My dad grew up in Florida, so I saw my first banyans when we headed south to visit his family. I thought they were just wonderful. Of course, as a child, it was the possibilities for play that were most enticing, but as I got older, I thought them wonderful just for their strangeness.

By the time I reached Australia, I knew to expect banyans. I had seen several in parks and gardens that had been identified as having been transplanted from Queensland. These trees are water hogs, so one only finds them in areas with abundant rain, and a good bit of the Queensland coastline accommodates that requirement.

Banyans are ficus trees. The thing that gives the tree its remarkable shape is its aerial roots. These roots drop from the tree’s branches. When they reach the soil, they thicken into additional trunks, which support the massive, spreading branches from which they dropped. In time, one tree ends up looking like a thicket rather than a single tree.

The banyan can reach a height of 100 feet, but it can keep spreading outward as long as nothing stops it.
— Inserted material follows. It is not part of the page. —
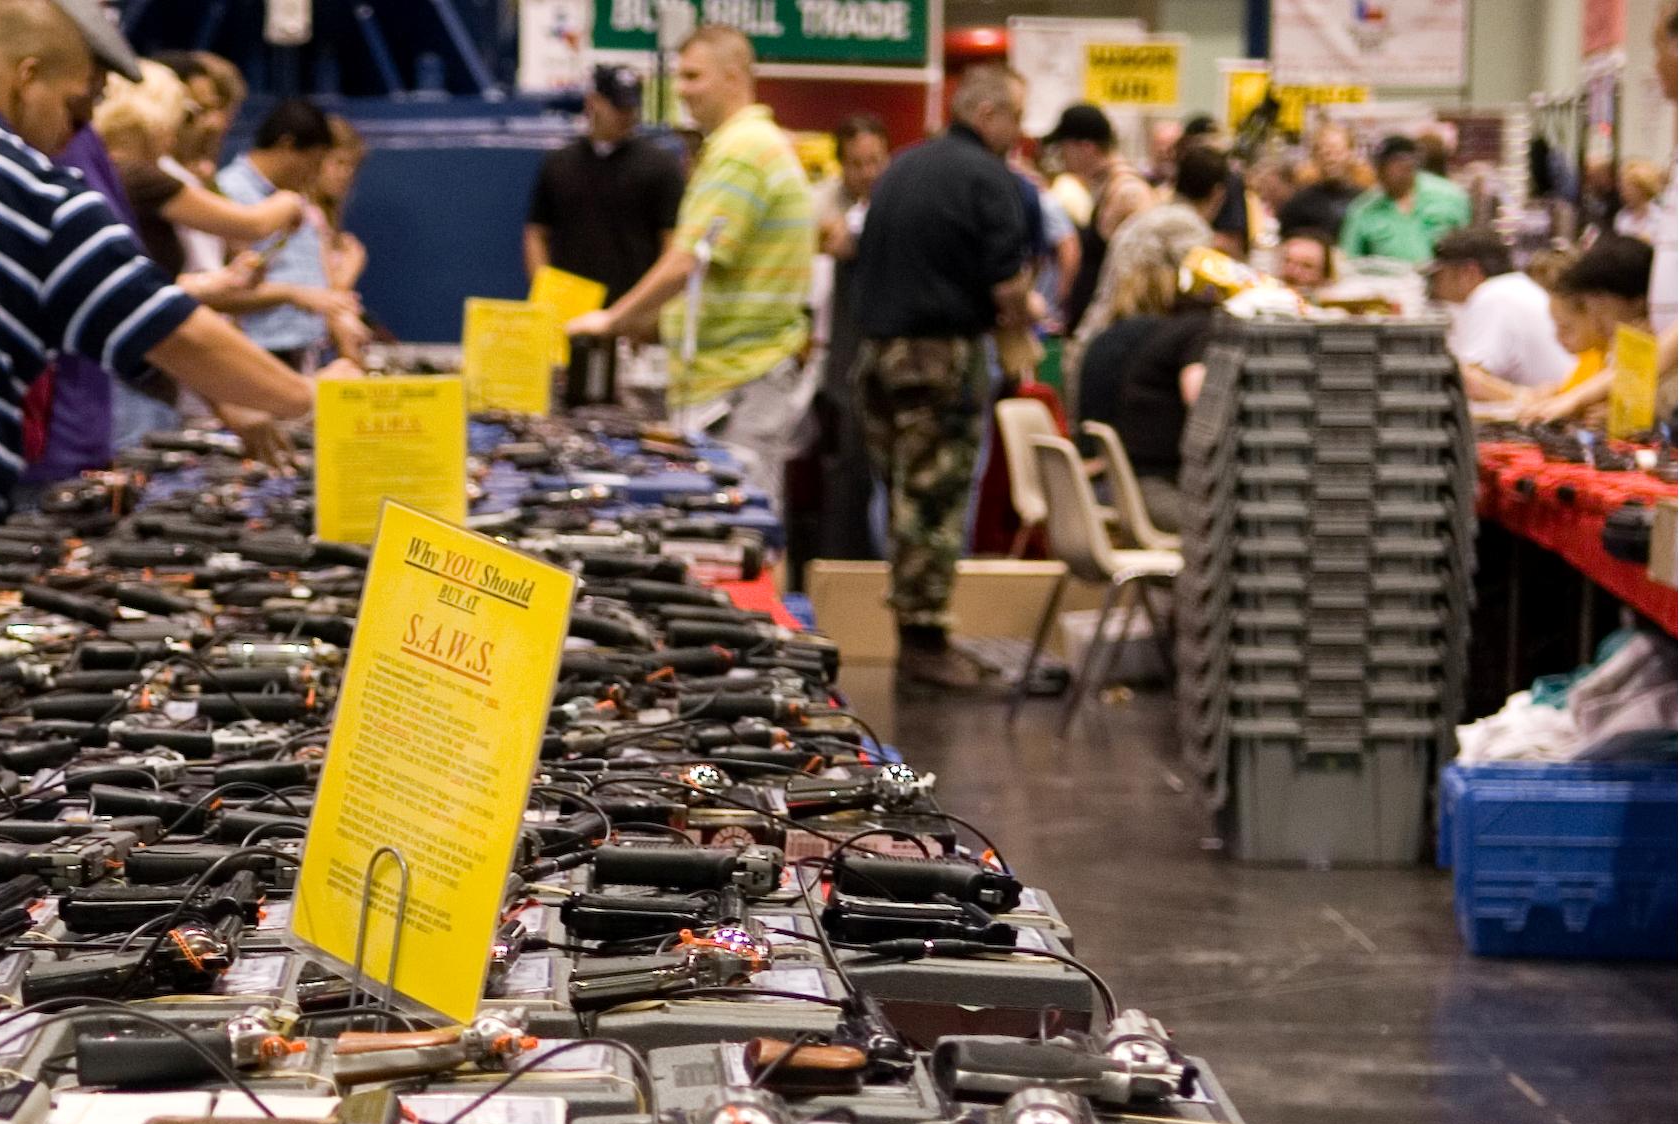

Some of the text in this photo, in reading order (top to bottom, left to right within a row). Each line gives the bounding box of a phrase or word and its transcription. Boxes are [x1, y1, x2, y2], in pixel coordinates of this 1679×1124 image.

[406, 537, 536, 603] Why YOU Should
[438, 583, 465, 604] BUY
[402, 613, 495, 676] S.A.W.S.
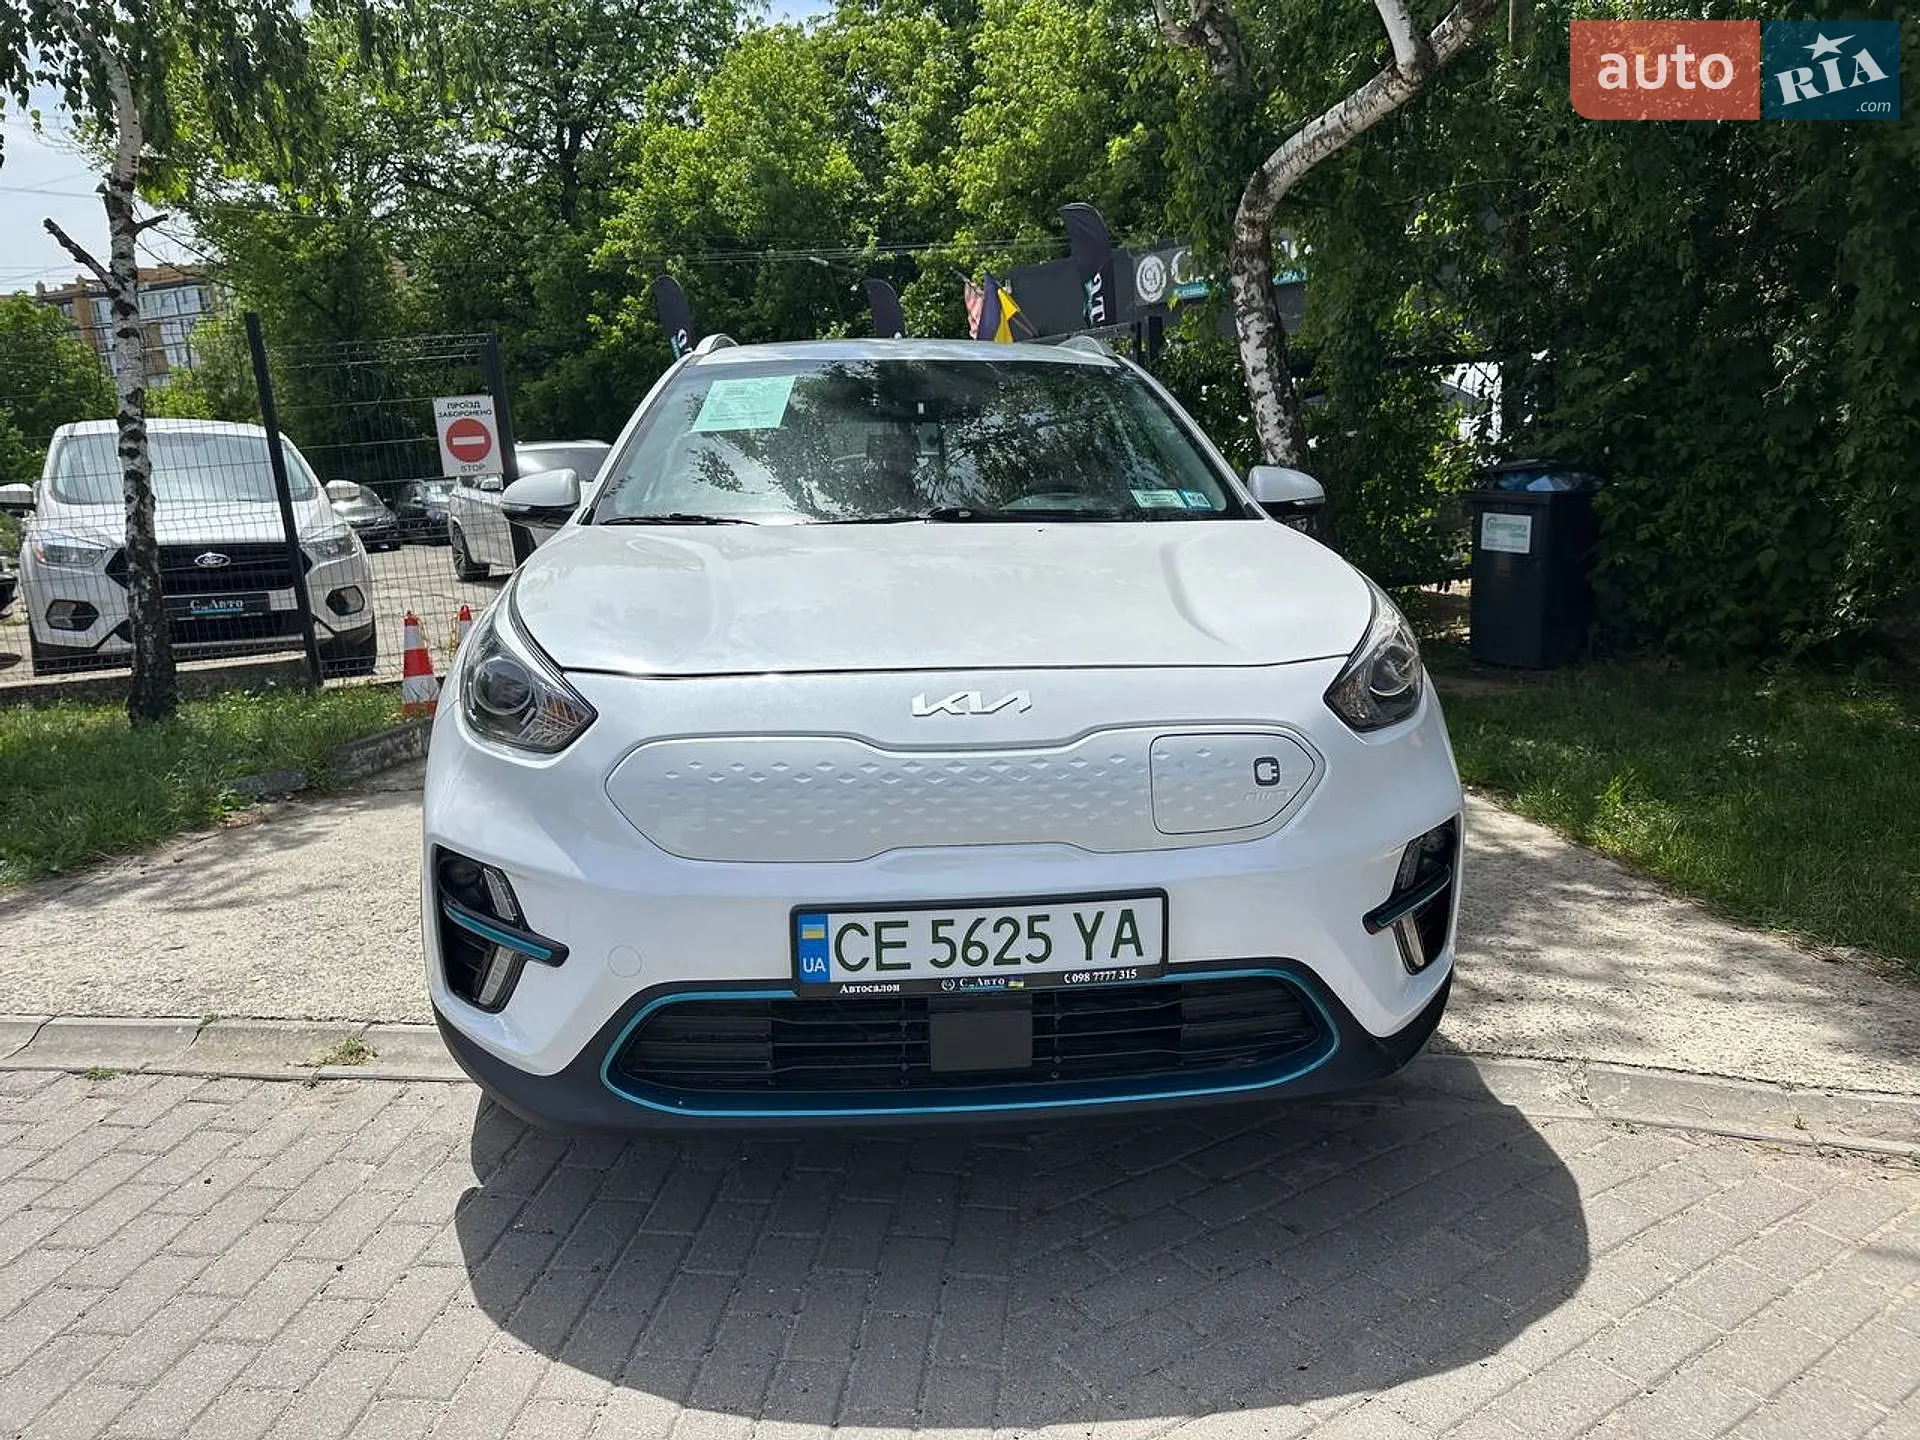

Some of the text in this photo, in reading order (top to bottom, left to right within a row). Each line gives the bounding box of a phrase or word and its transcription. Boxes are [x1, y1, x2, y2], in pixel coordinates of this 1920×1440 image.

Some older banyans cover several acres. Often, in India, merchants would set up shop in the shade of these spreading trees—which is how the tree got its English name. When trading in India, the Portuguese picked up the Gujarati word for merchant, and used it when speaking of Hindu merchants. From Portuguese, the word banyan passed into English as early as 1599 with the same meaning. By 1634, reports of traders doing business in India were filled with references to banyan trees, trees under which banyans, or Hindu merchants, would conduct their business. In time, banyan came to mean the tree itself.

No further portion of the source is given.